= Chen Jen Hao =

Singaporean educator and artist (1908–1976)

Chen Jen Hao (1908 – 28 October 1976) was an educator and a pioneering artist in Singapore.

==Early life and education==
Chen was born in Fuzhou, China, in 1908. He attended the First Government Middle School, and later the Pootung High School in Shanghai. He began studying art at the Shanghai College of Fine Arts in 1926, where he met and befriended Liu Kang, who would also go on to become an art pioneer in Singapore. From 1928 to 1932, he studied at the Beaux-Arts de Paris. While he studied at the institution, his works were displayed at the Salon d'Automne. Liu Haisu, the principal of the Shanghai College of Fine Arts, who was visiting Europe at the time, invited Chen to teach at the college after viewing his works at the Salon d'Automne.

==Career==
After graduating from the Beaux-Arts de Paris in 1932, Chen returned to Shanghai and became a professor at the Shanghai College of Fine Arts in 1933. However, following the Japanese invasion of China in 1937, he fled to Malaysia and began teaching at the Muar Chung Hwa High School. Following the end of World War II, he became the school's principal. In 1959, he became the principal of the Kallang West Government Chinese Middle School in Singapore. He continued to serve as the school's principal as the school moved to Dunman Road and was renamed the Dunman Government Chinese Middle School. After retiring in 1969, he was awarded the Public Administration Medal (silver) during the 1970 National Day Awards.

In Malaysia, Chen was the president of the Chinese School Teachers Association of Muar, a committee member of the State of Johore Chinese School Managers and Teachers' Association and the Malaya Chinese Teachers' Union, and an examination committee member of the Standard Curriculum and Chinese Text Book of the Ministry of Education, Malaya. In Singapore, He was the president of the Singapore Chinese Middle School Teachers' Union and the Katong District Singapore Sports Council, an examination committee member for the student grant of the Singapore Polytechnic and the Standard of Art lesson of the Ministry of Education, and the vice-chairman and judge of the National Day Art Exhibition's working committee.

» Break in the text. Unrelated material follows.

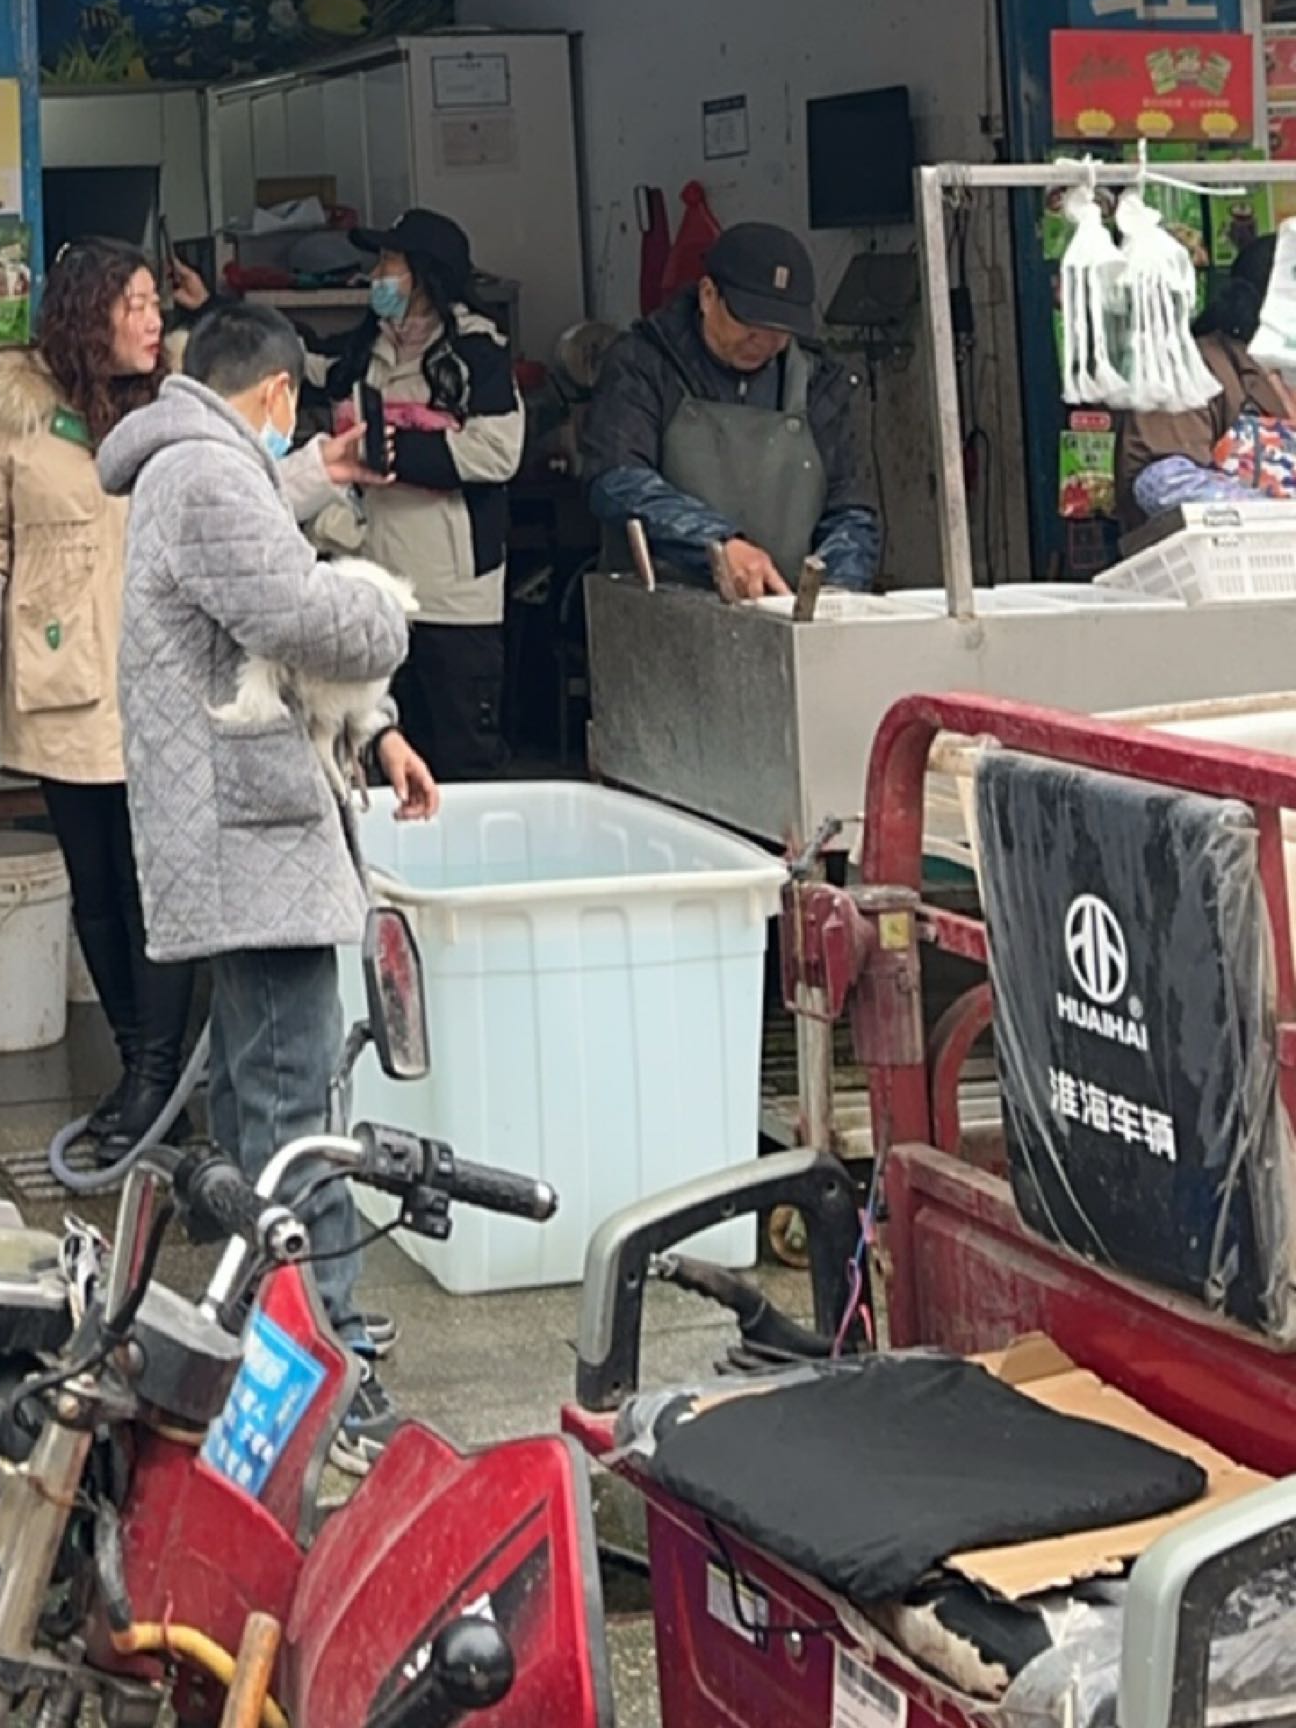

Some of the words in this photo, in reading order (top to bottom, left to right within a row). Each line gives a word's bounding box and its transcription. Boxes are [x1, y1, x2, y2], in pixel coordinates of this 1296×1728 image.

[1056, 992, 1148, 1051] HUAIHAI
[1049, 1065, 1176, 1162] 淮海车辆
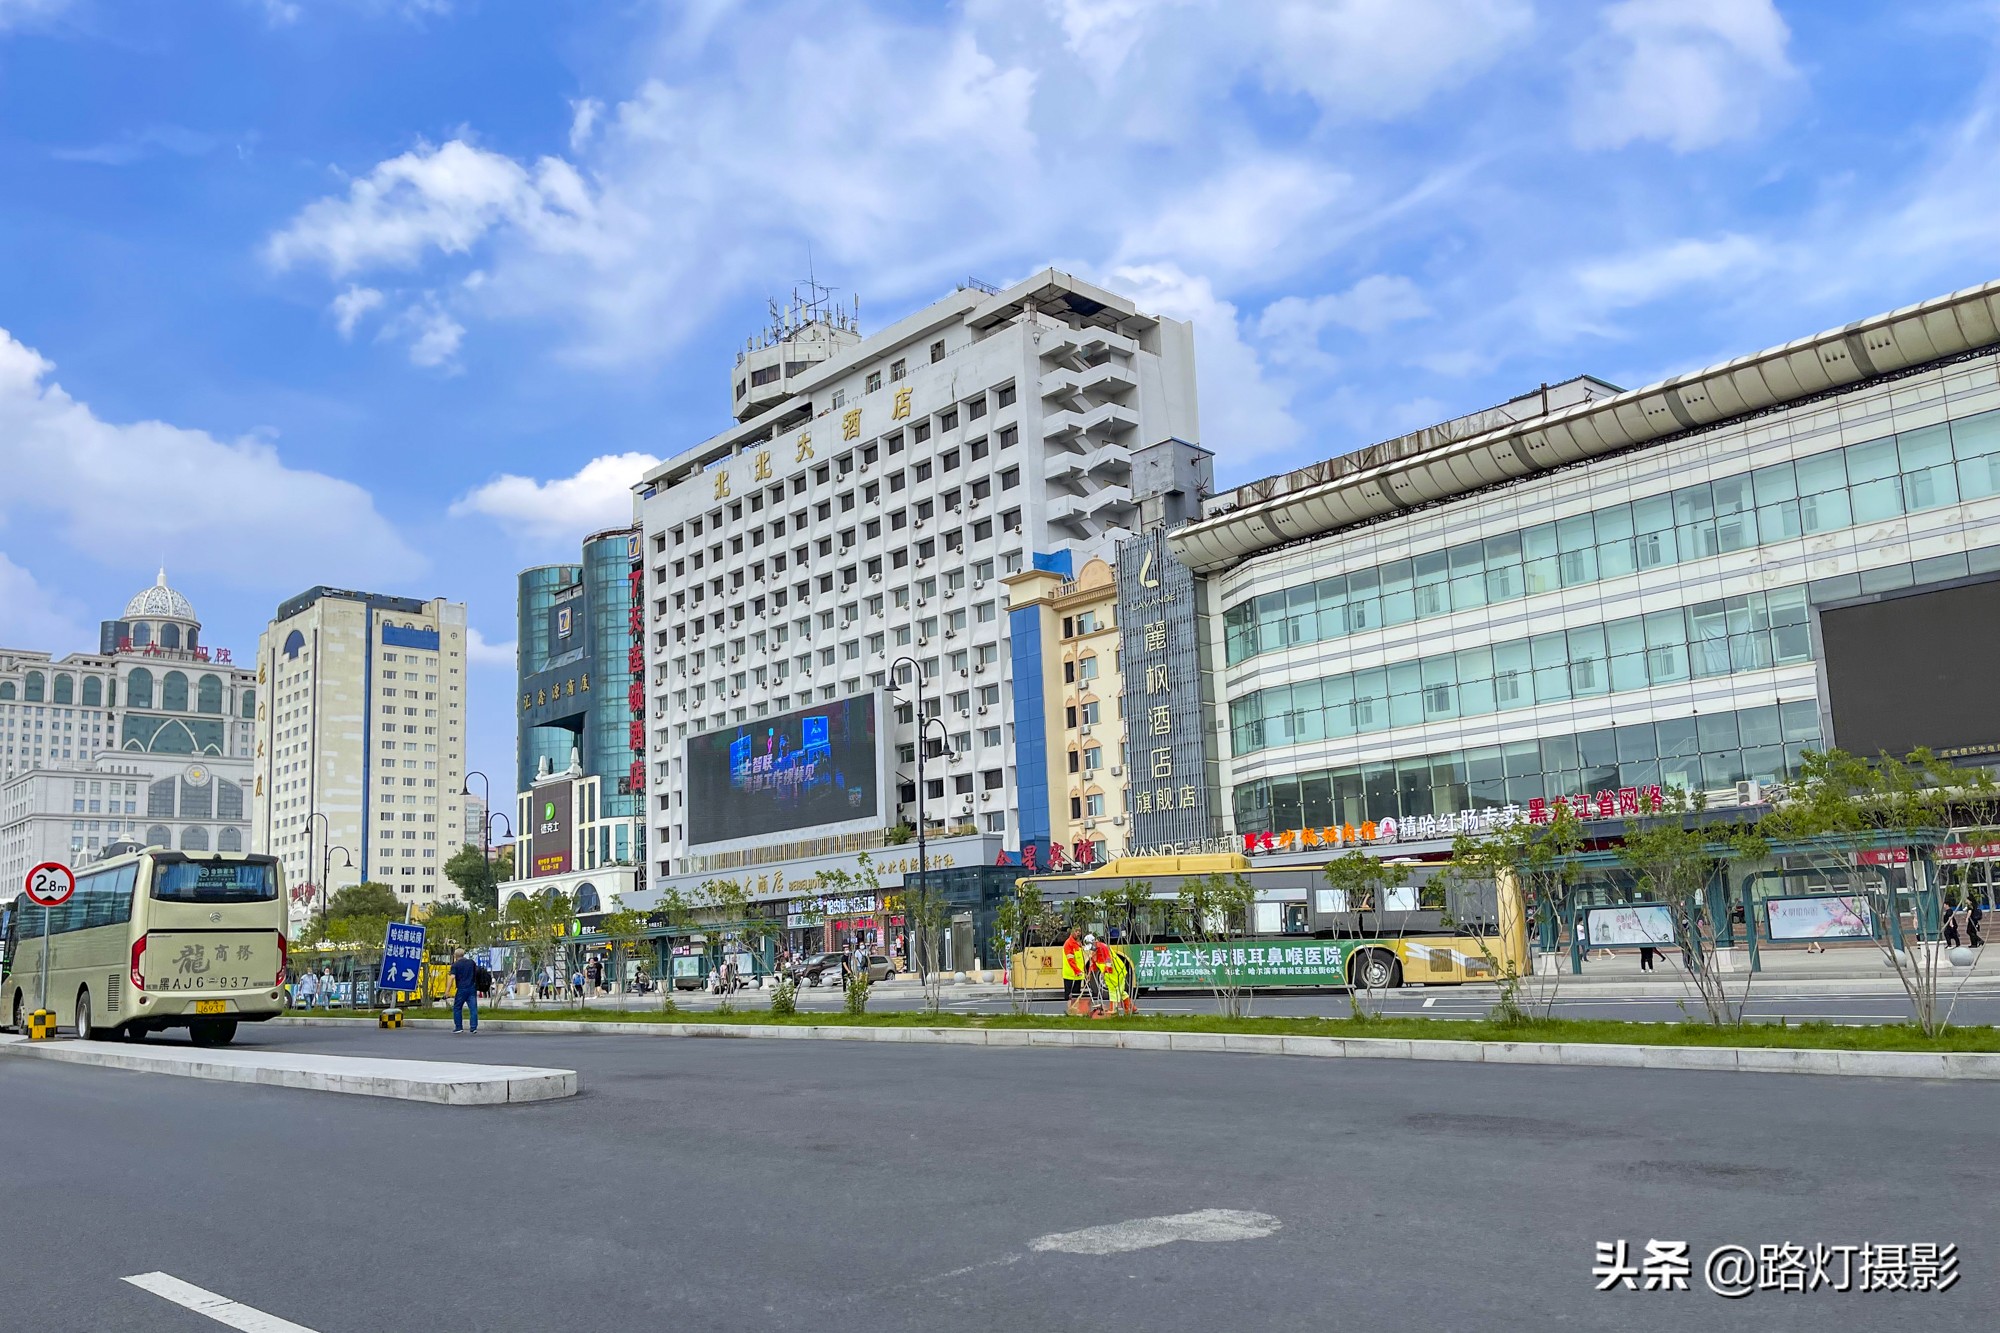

Chen was a member of the Society of Chinese Artists. He became the society's president in 1970. He also taught at the Nanyang Academy of Fine Arts and served as the honorary advisor to the Lee Kong Chian Museum of Asian Art at the Nanyang University. In 1984, then Parliamentary Secretary for Education Ho Kah Leong opened a four-day exhibition of Chen's calligraphy and paintings at the National Museum of Singapore.

==Death==
On 26 October 1976, Chen underwent an appendicitis operation at the Singapore General Hospital due to a perforated appendix, during which surgeon Lo Chiung Min accidentally removed a piece of fat from Chen, having mistaken it for the appendix. Chen died two days later, and an inquiry from pathologist Wee Keng Poh concluded that he had died of septic poisoning, which might not have occurred if the appendix had been removed during the surgery.